What major change to share authorization did Senseonics (SENS) approve?

Senseonics stockholders approved a charter amendment doubling authorized common stock from 70,000,000 to 140,000,000 shares. The change became effective May 20, 2026, after the Certificate of Amendment was filed with the Delaware Secretary of State, expanding capacity for future equity-related actions.

How many Senseonics (SENS) shares were represented at the 2026 annual meeting?

At the 2026 annual meeting, 23,650,239 Senseonics shares were present or represented by proxy. This represented 56.59% of the 41,795,466 shares outstanding as of the record date, providing sufficient participation to vote on all six proposals presented.

Did Senseonics (SENS) stockholders approve the 2026 Equity Incentive Plan?

Yes. Stockholders approved the Senseonics Holdings, Inc. 2026 Equity Incentive Plan with 10,458,422 votes for, 2,307,794 against, and 194,538 abstentions, along with 10,689,485 broker non-votes. This authorization supports continued use of equity-based compensation for directors, executives, and other eligible participants.

How often will Senseonics (SENS) hold say-on-pay advisory votes?

Stockholders favored holding advisory votes on named executive officer compensation every year.
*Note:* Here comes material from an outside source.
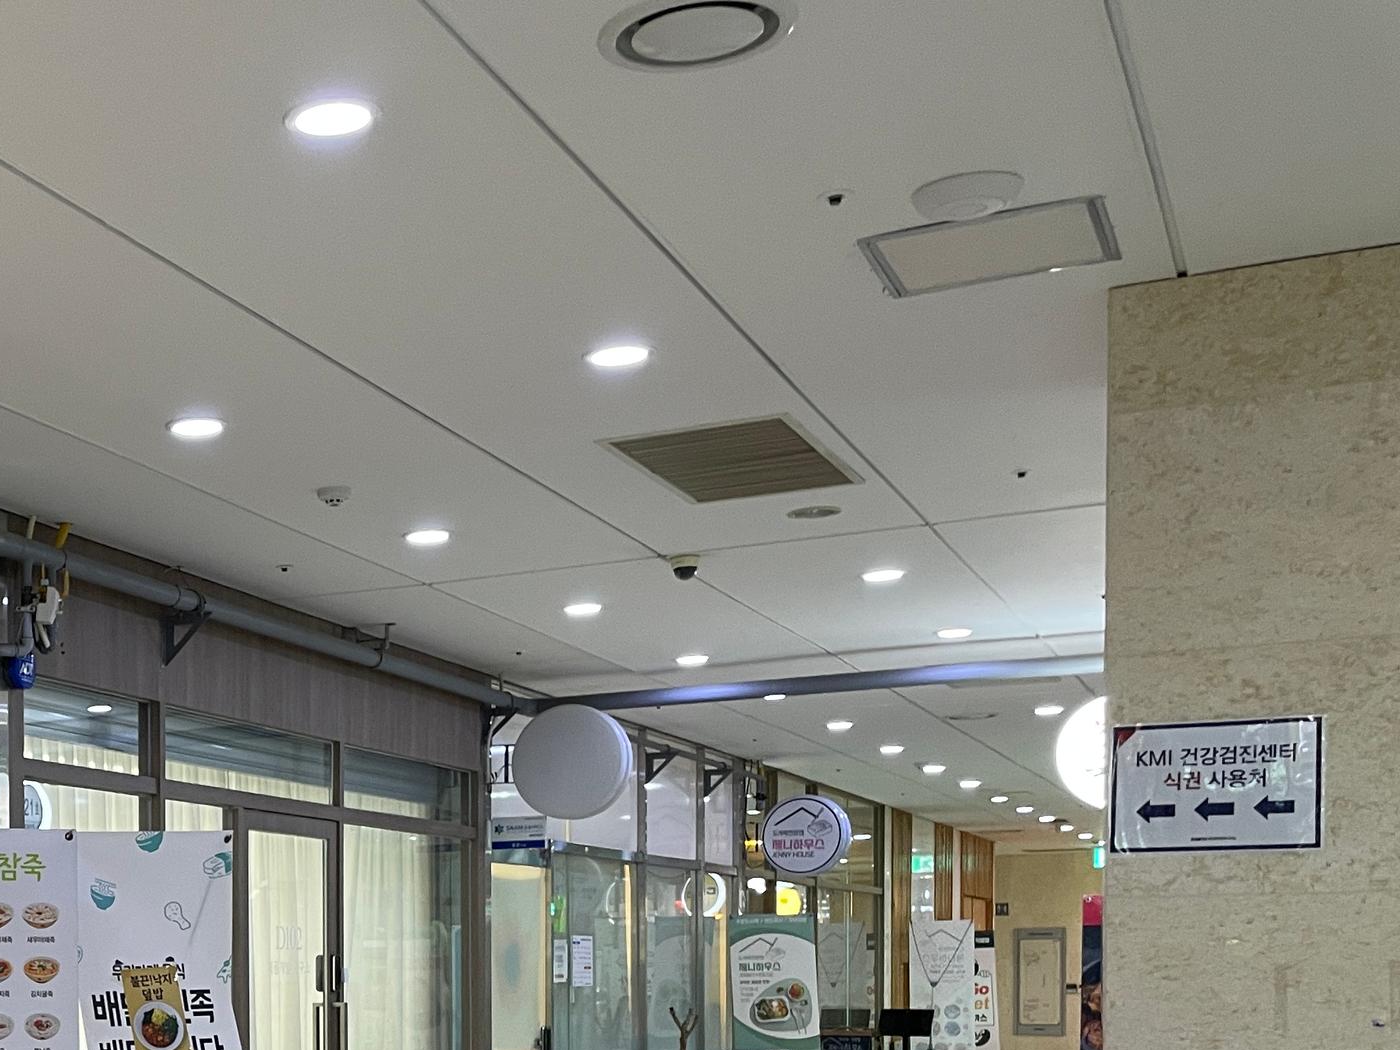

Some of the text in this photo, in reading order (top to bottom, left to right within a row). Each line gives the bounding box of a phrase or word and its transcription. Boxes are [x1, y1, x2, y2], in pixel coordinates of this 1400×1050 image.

Votes on frequency were 10,790,815 for one year, 160,133 for two years, 994,902 for three years, and 1,014,904 abstentions, with 10,689,485 broker non-votes, leading the board to adopt an annual schedule.

Who is Senseonics’ (SENS) independent auditor for the year ending December 31, 2026?

KPMG LLP was ratified as Senseonics’ independent registered public accounting firm for the fiscal year ending December 31, 2026. The ratification received 21,085,578 votes for, 2,185,666 votes against, and 378,995 abstentions, reflecting strong overall support for the company’s external auditor selection.

Which directors were elected at the 2026 Senseonics (SENS) annual meeting?

Stockholders elected Timothy T. Goodnow, Francine R. Kaufman, and Sharon Larkin to serve as directors until the 2029 annual meeting. Each received over 10.8 million votes for and between about 2.0 and 2.2 million votes withheld, plus 10,689,485 broker non-votes in each case.